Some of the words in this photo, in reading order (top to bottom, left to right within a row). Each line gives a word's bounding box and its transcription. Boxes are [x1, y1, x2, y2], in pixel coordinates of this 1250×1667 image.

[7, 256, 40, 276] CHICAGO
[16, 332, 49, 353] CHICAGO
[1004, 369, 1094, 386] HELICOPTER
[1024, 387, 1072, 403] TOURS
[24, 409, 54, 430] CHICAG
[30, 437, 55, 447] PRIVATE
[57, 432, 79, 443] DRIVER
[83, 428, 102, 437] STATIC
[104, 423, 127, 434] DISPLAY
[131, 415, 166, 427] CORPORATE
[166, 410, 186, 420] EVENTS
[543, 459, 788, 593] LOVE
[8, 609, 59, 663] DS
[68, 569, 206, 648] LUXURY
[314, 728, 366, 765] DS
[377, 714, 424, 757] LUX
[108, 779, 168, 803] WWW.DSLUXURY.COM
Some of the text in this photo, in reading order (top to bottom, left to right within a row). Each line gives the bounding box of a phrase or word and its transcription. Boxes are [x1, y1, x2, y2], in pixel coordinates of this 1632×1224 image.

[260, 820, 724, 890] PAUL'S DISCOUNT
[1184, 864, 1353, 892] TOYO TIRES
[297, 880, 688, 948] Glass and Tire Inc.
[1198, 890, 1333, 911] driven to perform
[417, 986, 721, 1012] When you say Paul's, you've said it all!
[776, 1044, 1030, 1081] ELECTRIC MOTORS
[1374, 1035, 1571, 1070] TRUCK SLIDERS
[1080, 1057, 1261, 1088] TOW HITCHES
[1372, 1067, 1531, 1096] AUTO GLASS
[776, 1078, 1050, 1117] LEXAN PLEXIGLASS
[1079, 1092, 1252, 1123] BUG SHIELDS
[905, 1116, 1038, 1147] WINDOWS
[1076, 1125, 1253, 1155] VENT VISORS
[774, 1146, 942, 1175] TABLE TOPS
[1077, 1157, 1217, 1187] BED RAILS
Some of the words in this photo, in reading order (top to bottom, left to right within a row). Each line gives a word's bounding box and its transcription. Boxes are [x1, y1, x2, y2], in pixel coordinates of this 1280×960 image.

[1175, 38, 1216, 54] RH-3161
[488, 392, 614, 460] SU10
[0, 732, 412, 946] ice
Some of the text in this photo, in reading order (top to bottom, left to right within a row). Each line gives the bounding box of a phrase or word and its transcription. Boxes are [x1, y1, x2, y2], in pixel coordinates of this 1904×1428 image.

════════

WORK INSTRUCTION: Output the entire listing above, character for character.

FINISHED EXERCISE:
Some of the words in this photo, in reading order (top to bottom, left to right within a row). Each line gives a word's bounding box and its transcription. Boxes are [x1, y1, x2, y2], in pixel coordinates of this 1250×1667 image.

[7, 256, 40, 276] CHICAGO
[16, 332, 49, 353] CHICAGO
[1004, 369, 1094, 386] HELICOPTER
[1024, 387, 1072, 403] TOURS
[24, 409, 54, 430] CHICAG
[30, 437, 55, 447] PRIVATE
[57, 432, 79, 443] DRIVER
[83, 428, 102, 437] STATIC
[104, 423, 127, 434] DISPLAY
[131, 415, 166, 427] CORPORATE
[166, 410, 186, 420] EVENTS
[543, 459, 788, 593] LOVE
[8, 609, 59, 663] DS
[68, 569, 206, 648] LUXURY
[314, 728, 366, 765] DS
[377, 714, 424, 757] LUX
[108, 779, 168, 803] WWW.DSLUXURY.COM
Some of the text in this photo, in reading order (top to bottom, left to right within a row). Each line gives the bounding box of a phrase or word and its transcription. Boxes are [x1, y1, x2, y2], in pixel coordinates of this 1632×1224 image.

[260, 820, 724, 890] PAUL'S DISCOUNT
[1184, 864, 1353, 892] TOYO TIRES
[297, 880, 688, 948] Glass and Tire Inc.
[1198, 890, 1333, 911] driven to perform
[417, 986, 721, 1012] When you say Paul's, you've said it all!
[776, 1044, 1030, 1081] ELECTRIC MOTORS
[1374, 1035, 1571, 1070] TRUCK SLIDERS
[1080, 1057, 1261, 1088] TOW HITCHES
[1372, 1067, 1531, 1096] AUTO GLASS
[776, 1078, 1050, 1117] LEXAN PLEXIGLASS
[1079, 1092, 1252, 1123] BUG SHIELDS
[905, 1116, 1038, 1147] WINDOWS
[1076, 1125, 1253, 1155] VENT VISORS
[774, 1146, 942, 1175] TABLE TOPS
[1077, 1157, 1217, 1187] BED RAILS
Some of the words in this photo, in reading order (top to bottom, left to right within a row). Each line gives a word's bounding box and its transcription. Boxes are [x1, y1, x2, y2], in pixel coordinates of this 1280×960 image.

[1175, 38, 1216, 54] RH-3161
[488, 392, 614, 460] SU10
[0, 732, 412, 946] ice
Some of the text in this photo, in reading order (top to bottom, left to right within a row). Each line gives the bounding box of a phrase or word and its transcription. Boxes are [x1, y1, x2, y2], in pixel coordinates of this 1904×1428 image.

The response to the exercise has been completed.